Инновации не то чтобы пошли косяком, но несколько рацпредложений в области дизайна металлоизделий оживили процесс освоения и экономического апробирования новых технологий. Эта деятельность пересекалась с производством, ремонтом и сбытом. Спрос, как водится, сразу пошел двумя каналами: сверху – на заорганизованную просветку, внизу – в живую тень. Тем временем замдиректора Волков окончил аспирантуру и по праву ученого практика стал куратором экспериментальных мастерских НИИ.

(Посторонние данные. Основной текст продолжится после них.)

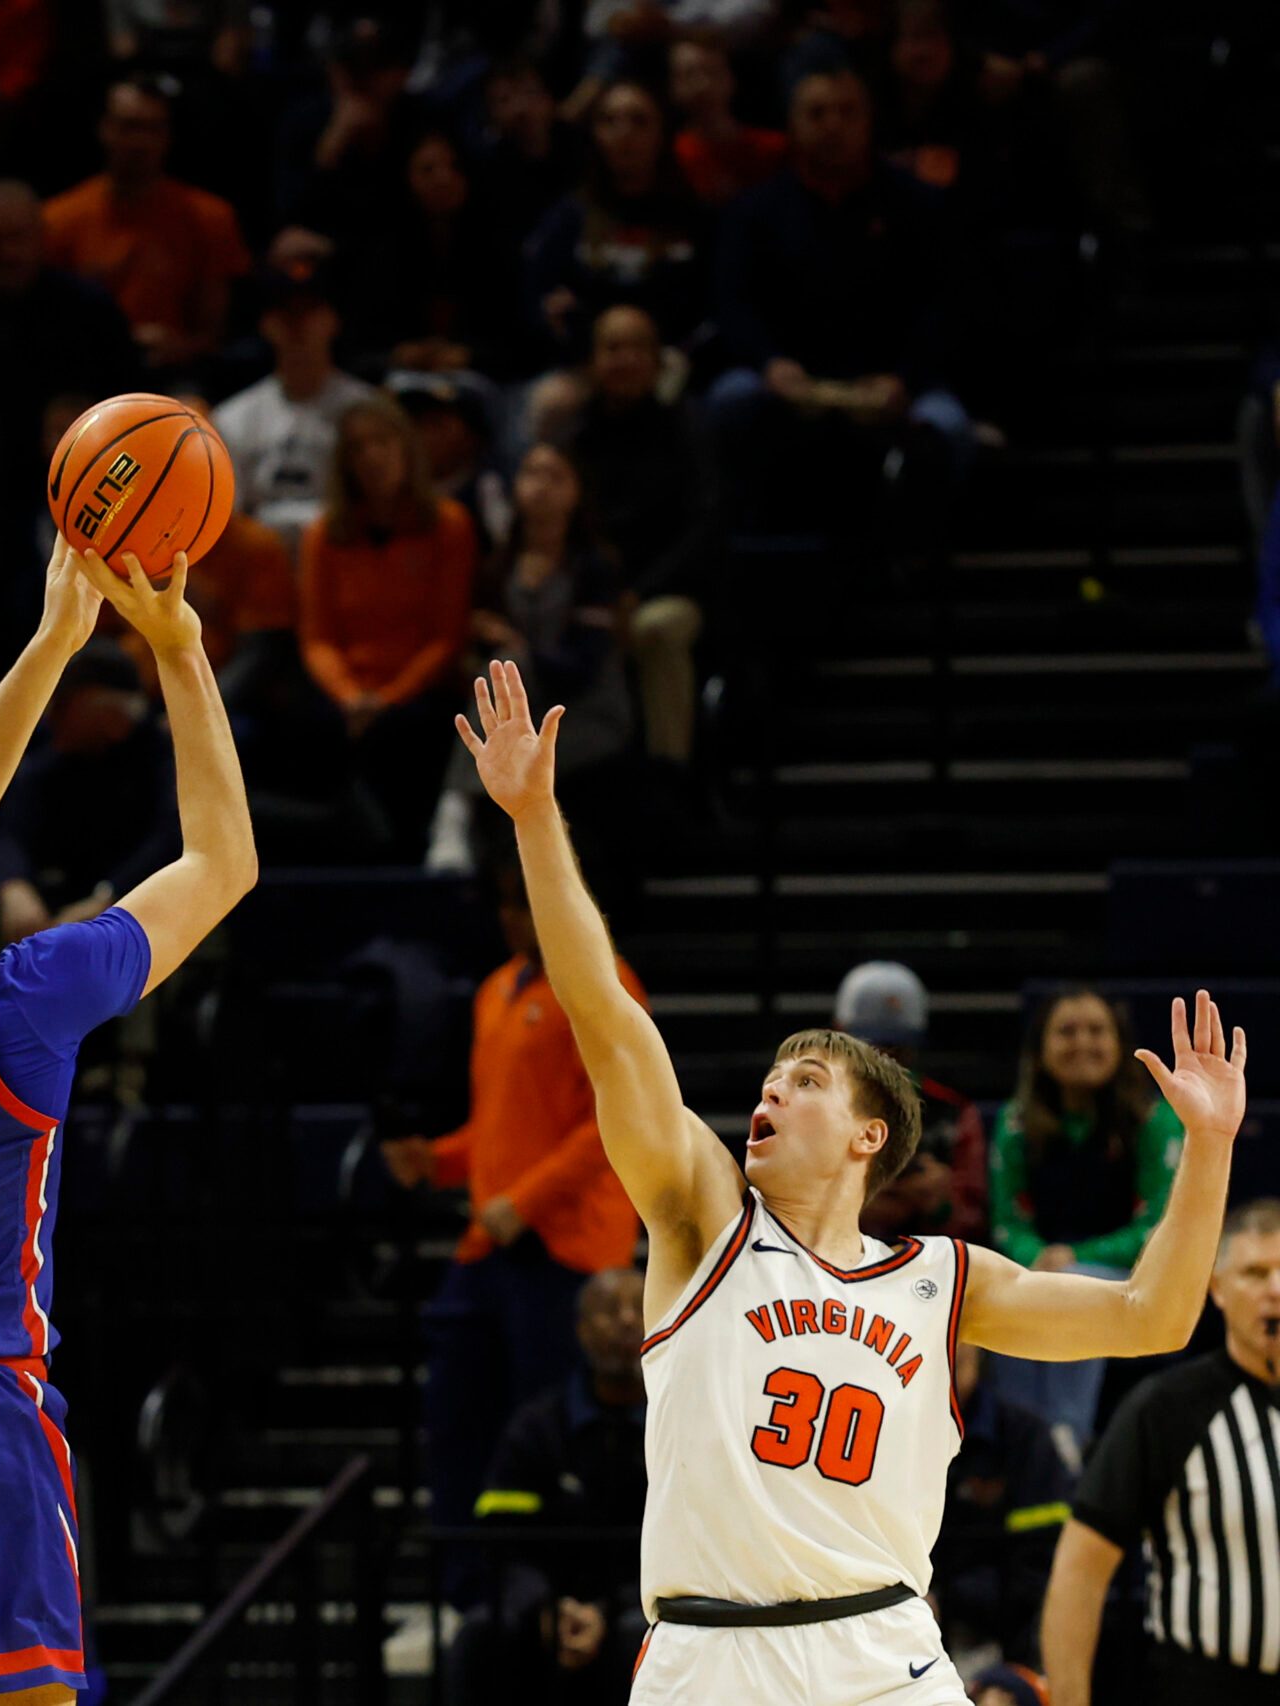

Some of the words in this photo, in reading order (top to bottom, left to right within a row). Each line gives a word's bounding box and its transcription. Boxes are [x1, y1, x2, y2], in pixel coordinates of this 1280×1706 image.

[74, 451, 142, 541] ELITE
[744, 1298, 923, 1389] VIRGINIA
[751, 1366, 885, 1487] 30

Он умел командовать. Разрозненная спекуха с фарцлом быстро превратилась в спецроту. Объемы продаж пошли вверх вместе с заработками, поэтому замашки десантуры принимались без возражений. Восьмидесятые перевалили за половину. Главные Топтыгины валились на лафеты костяшками домино. Тем временем тень жила своей жизнью. В городке все увереннее осваивались теневики «новой формации», делавшие упор на цеха. Налетевшие после смерти Дедуни кавказские воры, специализировавшиеся на старозаветных грабежах и вымогательствах, вдруг стали обламываться под ударами новых парней, резко поднявшихся с весны восемьдесят пятого на безумии «сухого закона». Парни шли к Волкову, Волков отдавал бланки договоров на работу в семи кооперативах, учрежденных при НИИ. Машина набирала обороты, работая как движок военного вертолета.

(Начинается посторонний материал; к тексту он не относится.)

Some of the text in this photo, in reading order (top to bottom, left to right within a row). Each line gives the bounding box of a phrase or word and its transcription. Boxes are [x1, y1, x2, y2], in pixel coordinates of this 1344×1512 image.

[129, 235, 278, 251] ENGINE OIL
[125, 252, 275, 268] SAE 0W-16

Он не просто знал, не просто видел – он ощущал физически, как рычаг и штурвал, динамику правильной жизни. Людям вокруг него становилось только лучше, это он знал точно. Волков был спокоен за настоящее и будущее – он знал, что сумеет и это, и гораздо большее. Но уже не в провинции: местный УБХСС очень красиво и доходчиво расписал все нестыковки в бухгалтерской документации НИИ.

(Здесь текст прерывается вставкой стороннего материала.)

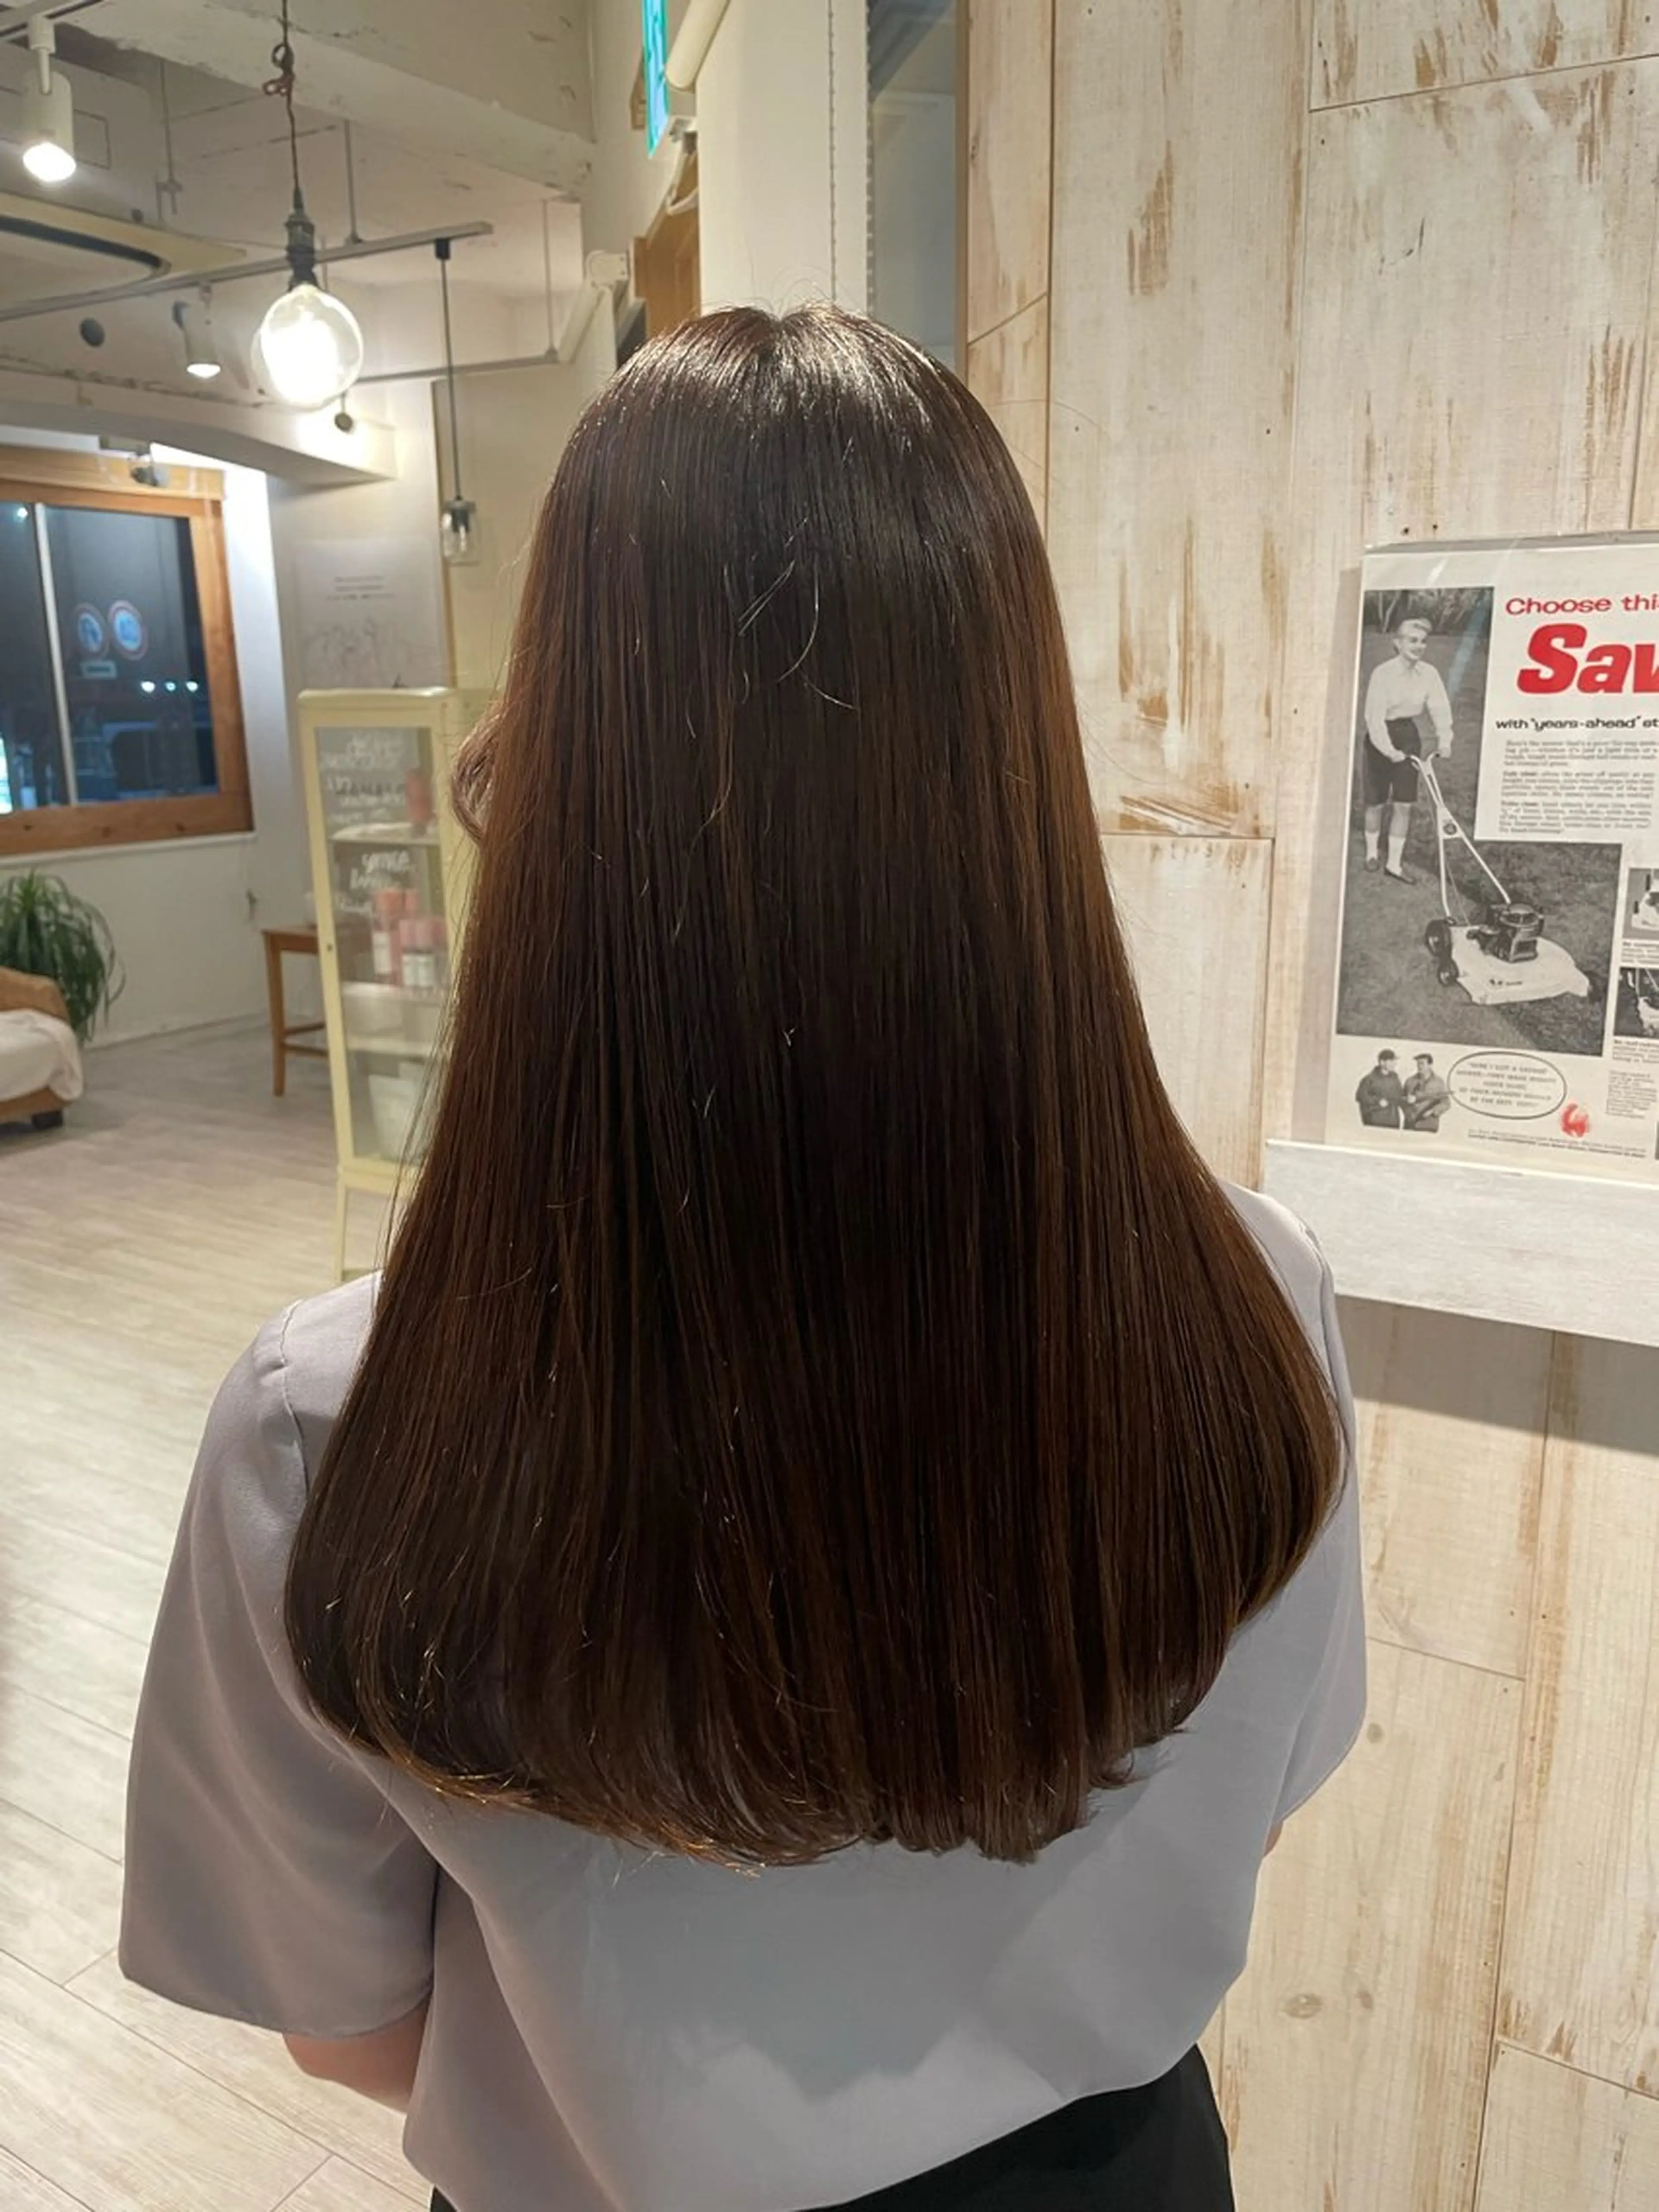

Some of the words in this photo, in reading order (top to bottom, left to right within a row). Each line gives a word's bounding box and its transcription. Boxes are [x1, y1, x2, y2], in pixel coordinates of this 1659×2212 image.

Времени прикрыться уже не было. Надо было срываться. Куда? Конечно, в Москву. Первопрестольная поразила широтой открывающихся возможностей. По сравнению с родным городишком это был Чикаго или Нью-Йорк.
* * *
Ностальгия по спокойным временам застоя создала легенду, что русская организованная преступность возникла после развала Советского Союза. Но это не так – она существовала все семьдесят пять лет коммунизма и была его неотъемлемой и необходимой частью. Она развернулась при Ленине, выжила при Сталине, продержалась при Хрущеве, а при Брежневе расцвела, поскольку выдыхающаяся плановая экономика не жила без «черного рынка». В уголовном мире прочно утвердились цеховики, умевшие «расшивать узкие места» дефицита куда лучше министров, начальников главков и красных директоров, не говоря о партийных понукалах-секретарях. Для расширения своего бизнеса, для успеха в конкуренции им пришлось объединяться в сообщества. Шальные деньги цехов начинали выхлестывать из тени.
И на них стервятниками слетались воры в законе – предтечи новорусского рэкета.
Они пришли издалека. Вор в законе появился еще в царской России. Но в конце 1917-го сходняк «законников» принял решение поддержать советскую власть: «грабь награбленное» пришлось вполне по воровскому сердцу. Кое-кто из лиходеев даже поступил на службу в ЧК, а хозяева ночной Таганки в угаре НЭПа строили московскую милицию.
Лет через десять – пятнадцать, когда «социально близкая» власть окрепла, стальной кулак НКВД не делал исключений. Блатных пускали в расход по 59-й статье – за бандитизм и нарушение порядка управления. ГУЛАГ ставил «законников» перед выбором: либо закорешиться с оперчастью и работать под «кумом», либо уйти в отрицалово, иначе говоря – под пулю в ров. Спасались те, кто принимал красную власть как данность, помогал операм и мордатым душить политических и бытовиков. Но и такие ждали иных времен, втихаря оттягиваясь песней «Правят мусора и коммунисты, славу, падлы, Ленину поют…».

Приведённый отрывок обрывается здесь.